- _TASK DESCRIPTION_
What you return must match the data below exactly, minus any pictures.

━━ DATASET EXCERPTS

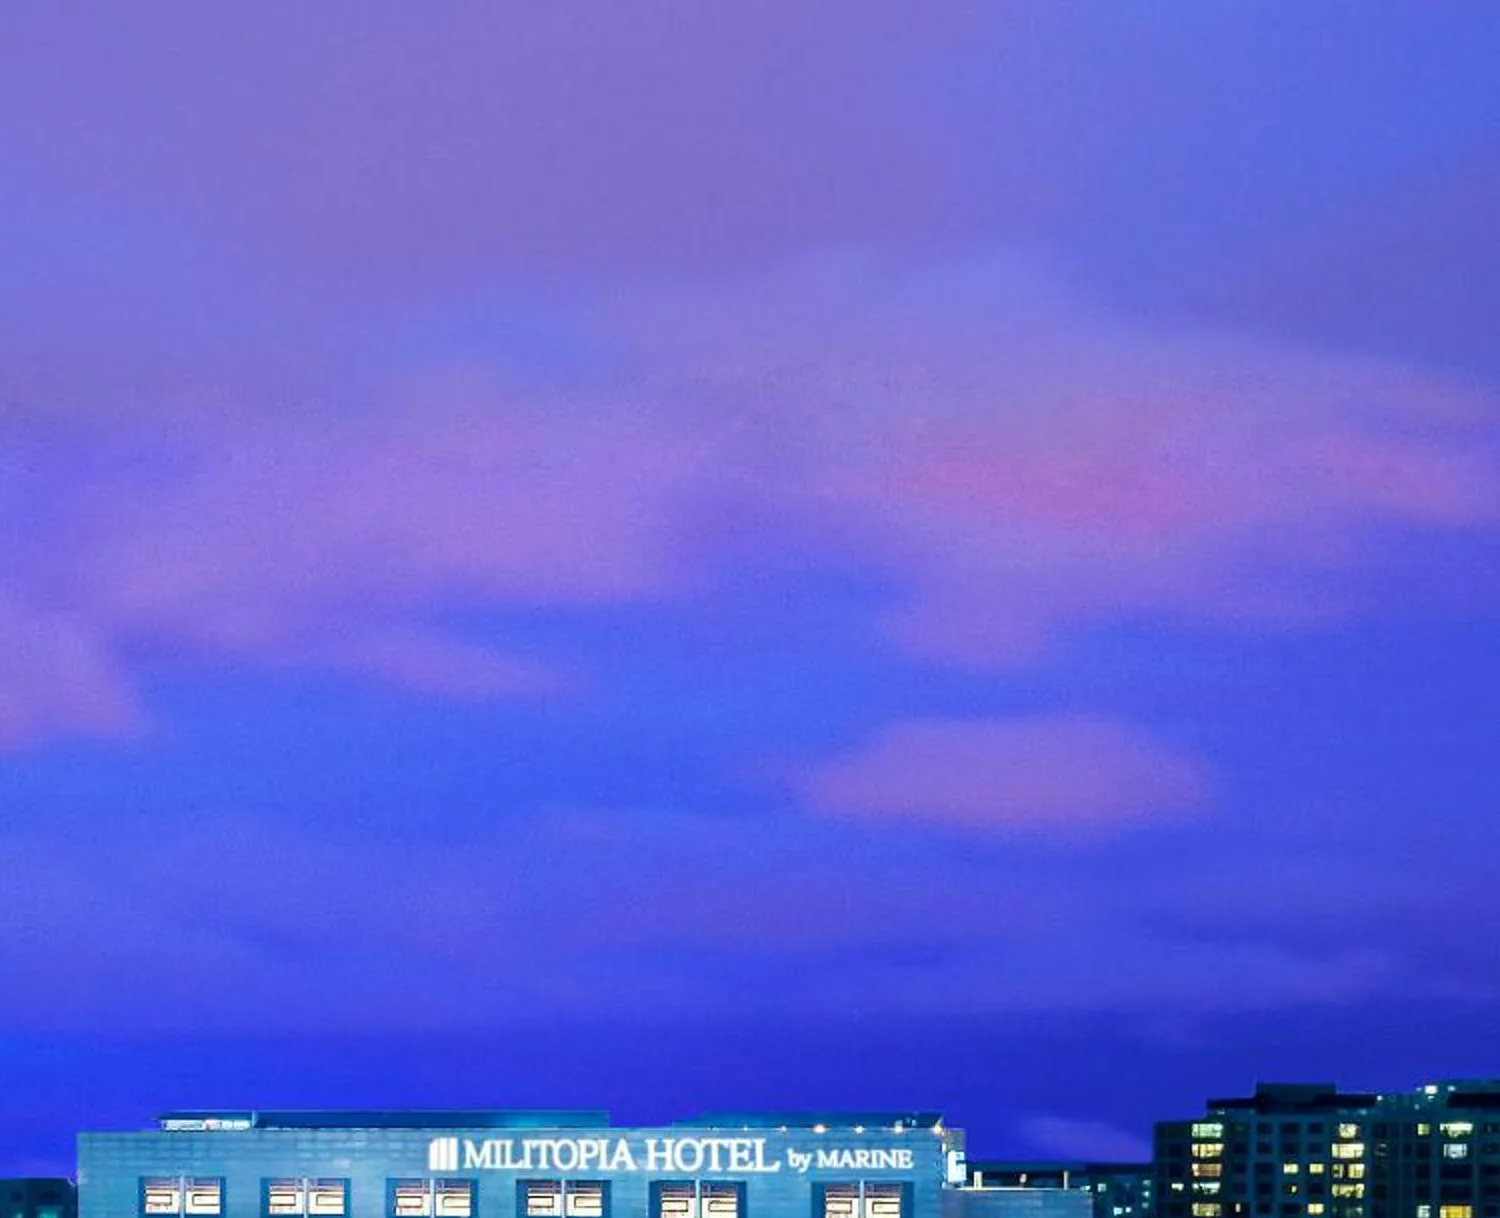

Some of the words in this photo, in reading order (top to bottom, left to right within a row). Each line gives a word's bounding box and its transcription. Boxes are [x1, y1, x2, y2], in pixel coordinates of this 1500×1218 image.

[463, 1137, 637, 1171] MILITOPIA
[644, 1138, 780, 1172] HOTEL
[788, 1148, 812, 1172] by
[816, 1150, 914, 1169] MARINE

━━━━

- _WRITTEN ANSWER_
Some of the words in this photo, in reading order (top to bottom, left to right within a row). Each line gives a word's bounding box and its transcription. Boxes are [x1, y1, x2, y2], in pixel coordinates of this 1500×1218 image.

[463, 1137, 637, 1171] MILITOPIA
[644, 1138, 780, 1172] HOTEL
[788, 1148, 812, 1172] by
[816, 1150, 914, 1169] MARINE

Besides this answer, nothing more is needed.